About this task: Copy all the records word for word, apart from any pictures.

Data extracted from a collection:
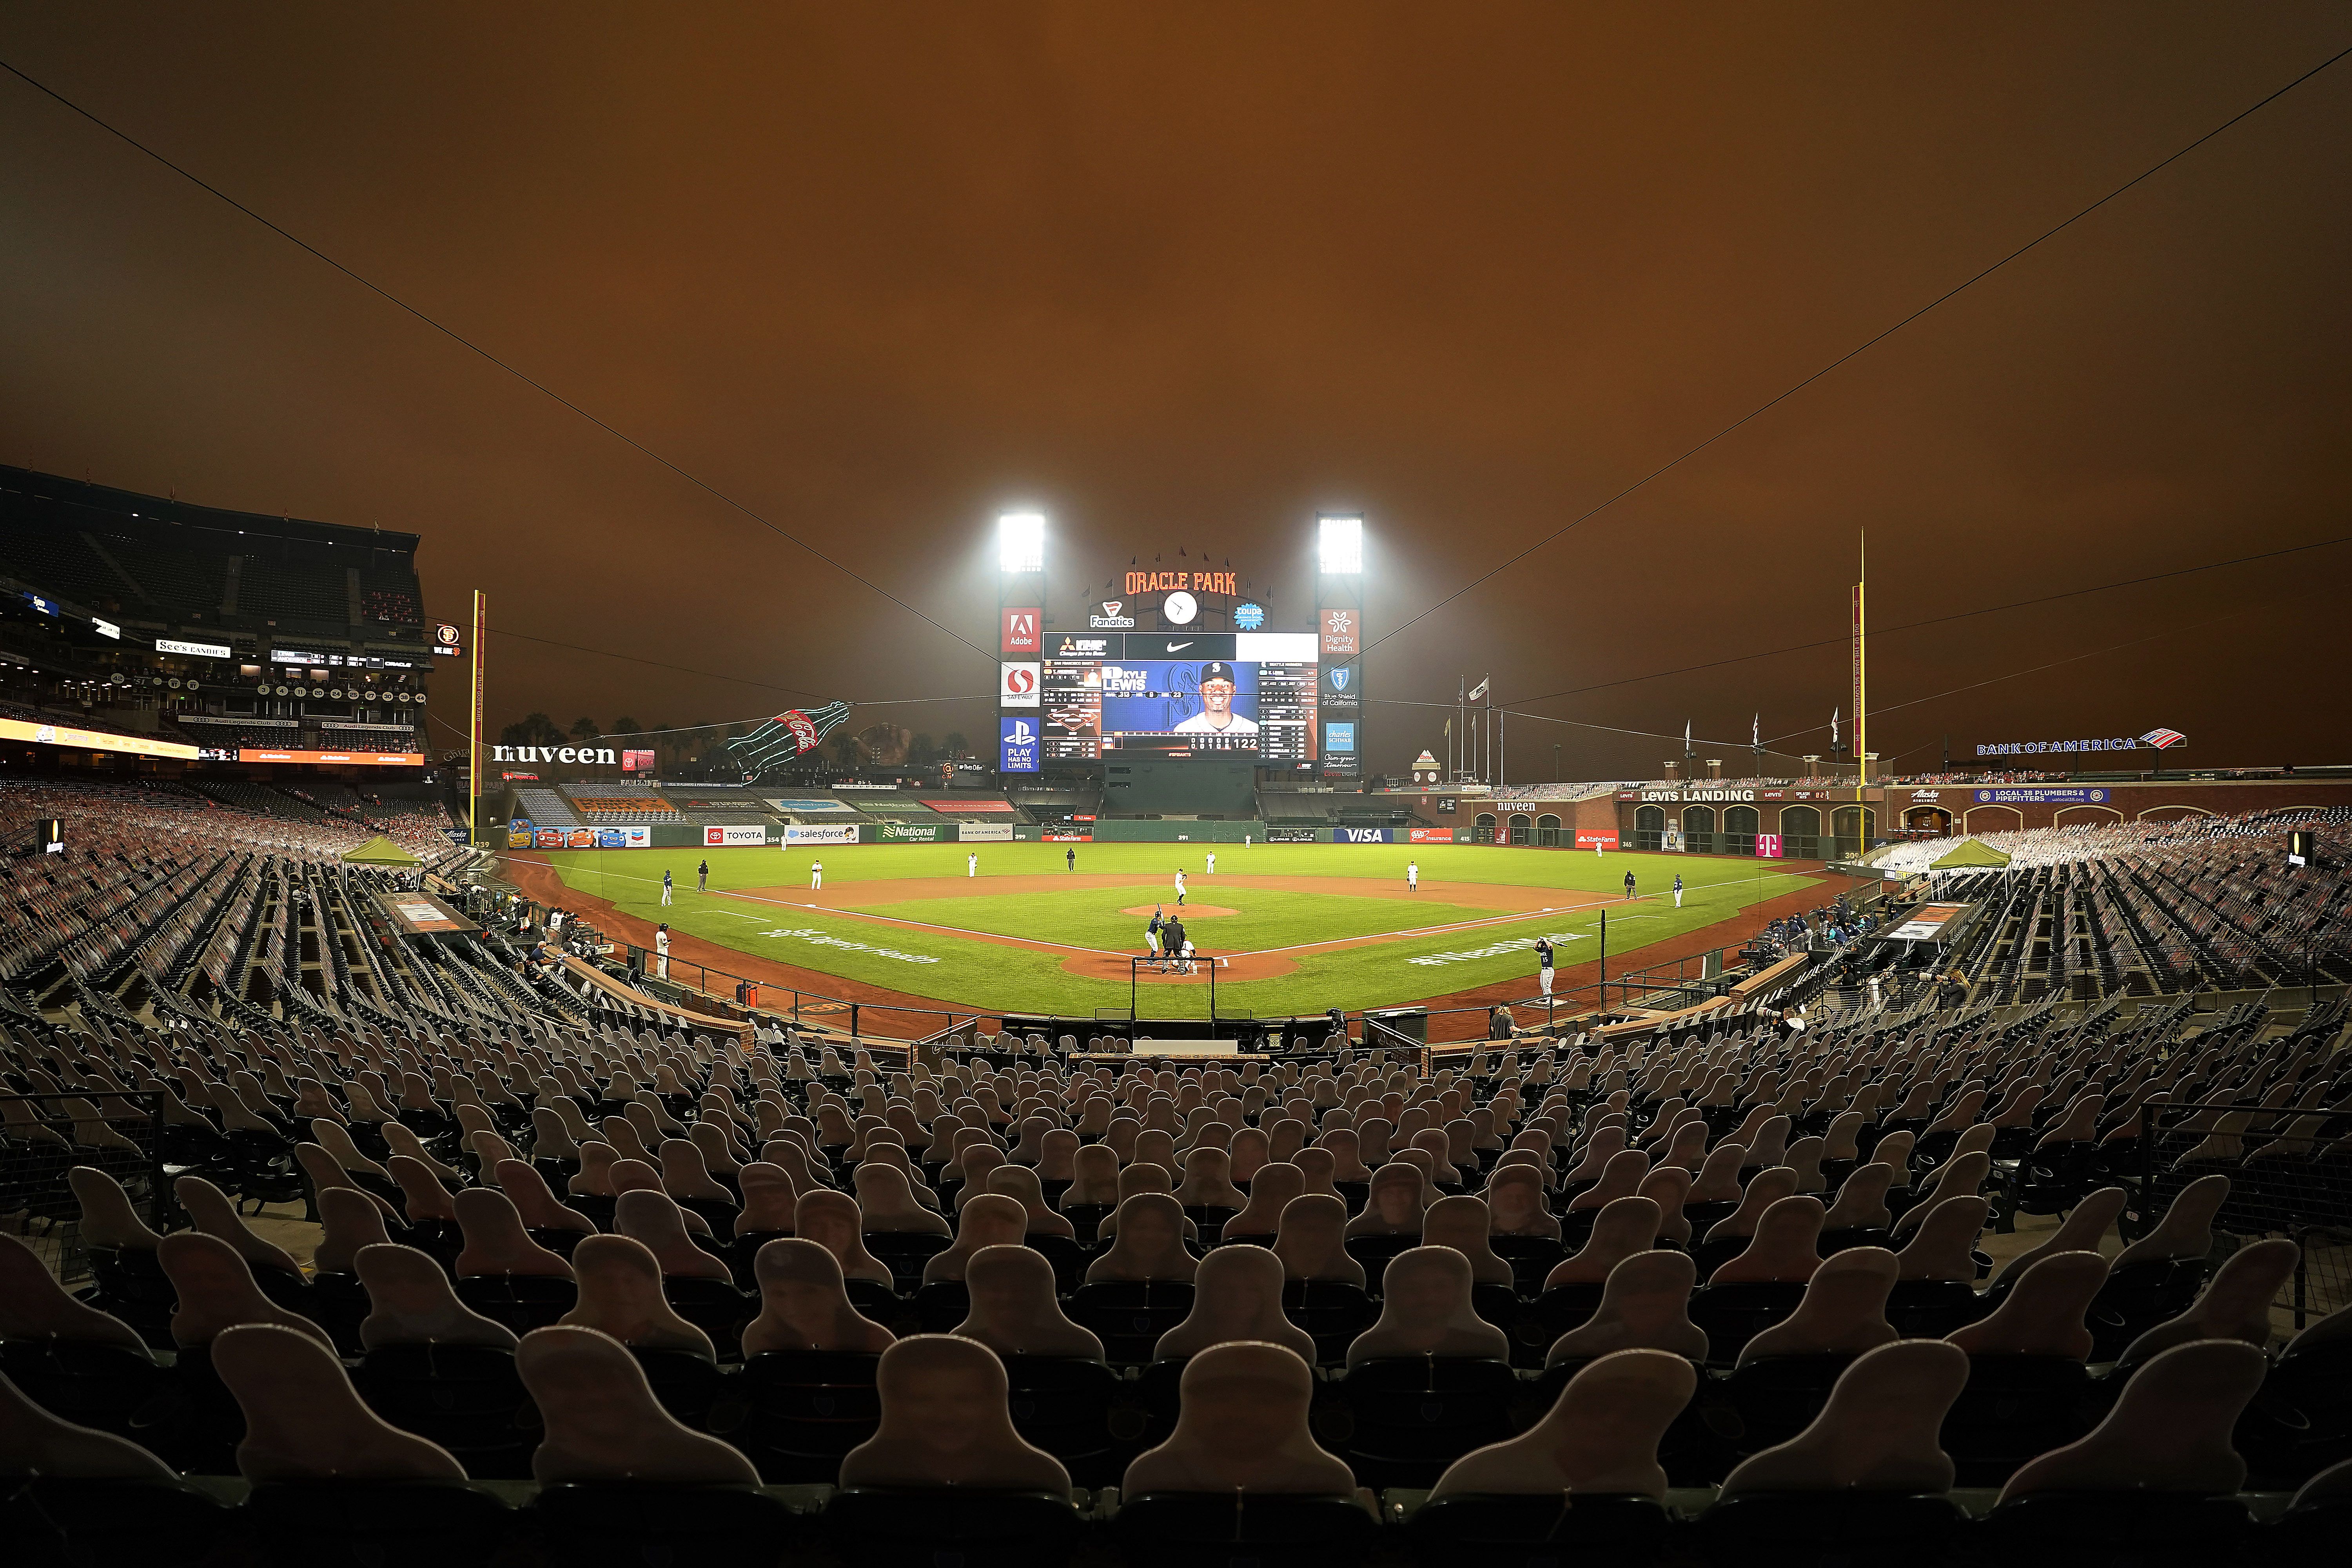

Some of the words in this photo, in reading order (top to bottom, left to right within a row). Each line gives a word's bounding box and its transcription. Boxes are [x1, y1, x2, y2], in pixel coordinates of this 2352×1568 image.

[1126, 572, 1188, 595] ORACLE
[1194, 572, 1236, 595] PARK
[1237, 608, 1262, 616] coupa
[1092, 617, 1133, 626] Fanatics
[1010, 637, 1033, 645] Adobe
[1325, 635, 1354, 644] Dignity
[160, 641, 187, 652] See's
[191, 647, 225, 655] CANDIES
[477, 668, 482, 676] 5G
[1123, 670, 1147, 679] KYLE
[1103, 679, 1146, 691] LEWIS
[1008, 748, 1032, 757] PLAY
[1977, 743, 2022, 756] BANK
[2025, 741, 2048, 754] OF
[2050, 738, 2136, 752] AMERICA
[492, 745, 616, 764] nuveen
[1683, 790, 1754, 802] LANDING
[1911, 789, 1940, 799] Alaska
[1497, 802, 1536, 811] nuveen
[800, 829, 844, 840] salesforce
[895, 826, 936, 837] National
[1344, 829, 1383, 842] VISA
[1759, 834, 1777, 857] T
[802, 936, 873, 953] Dignity
[863, 948, 942, 964] Health

Answer to this exercise:
Some of the words in this photo, in reading order (top to bottom, left to right within a row). Each line gives a word's bounding box and its transcription. Boxes are [x1, y1, x2, y2], in pixel coordinates of this 2352×1568 image.

[1126, 572, 1188, 595] ORACLE
[1194, 572, 1236, 595] PARK
[1237, 608, 1262, 616] coupa
[1092, 617, 1133, 626] Fanatics
[1010, 637, 1033, 645] Adobe
[1325, 635, 1354, 644] Dignity
[160, 641, 187, 652] See's
[191, 647, 225, 655] CANDIES
[477, 668, 482, 676] 5G
[1123, 670, 1147, 679] KYLE
[1103, 679, 1146, 691] LEWIS
[1008, 748, 1032, 757] PLAY
[1977, 743, 2022, 756] BANK
[2025, 741, 2048, 754] OF
[2050, 738, 2136, 752] AMERICA
[492, 745, 616, 764] nuveen
[1683, 790, 1754, 802] LANDING
[1911, 789, 1940, 799] Alaska
[1497, 802, 1536, 811] nuveen
[800, 829, 844, 840] salesforce
[895, 826, 936, 837] National
[1344, 829, 1383, 842] VISA
[1759, 834, 1777, 857] T
[802, 936, 873, 953] Dignity
[863, 948, 942, 964] Health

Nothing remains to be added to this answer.